Laptops are among the more labor-intensive devices to test, sanitize, and refurbish – a process that happens by hand, down to the last tiny screw. Monitors can also be challenging, especially the old CRT style, which contain hazardous materials and must be processed by a specialist in order to safely recover the recyclables. Likewise, devices that rely on batteries will lose value because those batteries must be recycled separately and safely.
STILL THE RIGHT THING TO DO
Bottom line: Yes, there is valuable precious metal and other materials in electronics, but less than you’d think, and recycling that metal doesn’t pay for itself.
So, unfortunately, you’re probably not going to metaphorically “strike gold” selling your old cell phones, TVs and computer equipment, unless you are dealing in large volumes of fairly modern devices. That’s why businesses who rely heavily on IT equipment and go through frequent upgrade cycles use certified IT asset disposition (ITAD) providers, to recover the value of their old equipment while protecting their data and the environment.
Disposing of e-waste properly and safely is still important.
First, it costs less and is significantly less damaging to the environment to recycle precious metals than it is to mine them. For example, “One ton of circuit boards is estimated to contain 40 to 800 times more gold than one metric ton of ore.”

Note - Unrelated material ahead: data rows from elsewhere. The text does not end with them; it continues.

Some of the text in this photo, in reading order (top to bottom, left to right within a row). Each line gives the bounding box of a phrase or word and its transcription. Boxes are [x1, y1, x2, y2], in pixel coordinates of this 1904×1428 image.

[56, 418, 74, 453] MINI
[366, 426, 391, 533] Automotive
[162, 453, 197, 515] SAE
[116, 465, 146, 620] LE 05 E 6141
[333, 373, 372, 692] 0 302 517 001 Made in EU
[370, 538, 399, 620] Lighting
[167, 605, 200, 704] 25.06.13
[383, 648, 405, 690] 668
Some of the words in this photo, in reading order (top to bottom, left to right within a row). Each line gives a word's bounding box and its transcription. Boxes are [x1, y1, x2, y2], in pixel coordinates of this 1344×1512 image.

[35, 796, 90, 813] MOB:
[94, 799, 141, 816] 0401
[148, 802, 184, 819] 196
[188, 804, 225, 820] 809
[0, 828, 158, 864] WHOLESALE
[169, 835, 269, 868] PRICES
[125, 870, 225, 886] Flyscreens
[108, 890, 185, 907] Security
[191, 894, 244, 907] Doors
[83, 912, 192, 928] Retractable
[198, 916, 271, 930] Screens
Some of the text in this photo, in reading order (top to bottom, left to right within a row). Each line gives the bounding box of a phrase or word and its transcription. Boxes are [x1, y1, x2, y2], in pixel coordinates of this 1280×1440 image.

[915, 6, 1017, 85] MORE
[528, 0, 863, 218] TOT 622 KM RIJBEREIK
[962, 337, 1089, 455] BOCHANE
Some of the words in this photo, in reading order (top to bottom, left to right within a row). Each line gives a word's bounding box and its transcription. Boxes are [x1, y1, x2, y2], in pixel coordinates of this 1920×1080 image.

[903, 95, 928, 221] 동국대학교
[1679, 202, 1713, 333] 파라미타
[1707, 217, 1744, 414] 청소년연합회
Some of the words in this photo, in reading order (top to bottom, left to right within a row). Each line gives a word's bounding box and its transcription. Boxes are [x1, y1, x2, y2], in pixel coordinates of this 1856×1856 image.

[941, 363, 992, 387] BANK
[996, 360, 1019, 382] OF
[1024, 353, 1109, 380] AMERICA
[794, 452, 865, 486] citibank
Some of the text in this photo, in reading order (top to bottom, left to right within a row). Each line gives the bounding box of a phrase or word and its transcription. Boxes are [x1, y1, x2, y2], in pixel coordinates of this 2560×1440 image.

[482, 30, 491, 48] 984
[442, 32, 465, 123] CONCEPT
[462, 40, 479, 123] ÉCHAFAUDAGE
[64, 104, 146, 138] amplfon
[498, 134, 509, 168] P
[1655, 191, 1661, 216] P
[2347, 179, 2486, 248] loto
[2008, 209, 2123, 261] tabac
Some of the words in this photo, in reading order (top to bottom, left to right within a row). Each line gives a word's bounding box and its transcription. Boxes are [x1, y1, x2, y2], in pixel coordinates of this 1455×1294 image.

Second, the precious metals, batteries and other materials in electronic devices are often toxic and can contaminate groundwater near landfills if they’re disposed of in regular household waste. And depending on where you live, disposing of e-waste that way might be illegal, anyway.
Beyond that, e-waste is beginning to overwhelm the world. In 2019, nearly 54 million tons of e-waste was disposed of worldwide. That’s expected to grow by 2 million tons every year between now and 2030. Meanwhile, only 17.4 percent of globally generated e-waste was collected or recycled in 2019. That figure represents only a 0.4 percent increase from 2014-2019.
In other words, the world’s e-waste generation is growing much faster than e-waste is being collected or recycled.
To change that trend, we all need to do our part.
Cohen believes doing right by our fellow human beings and environment is reason enough to properly dispose of e-waste with a certified company. We hope you agree.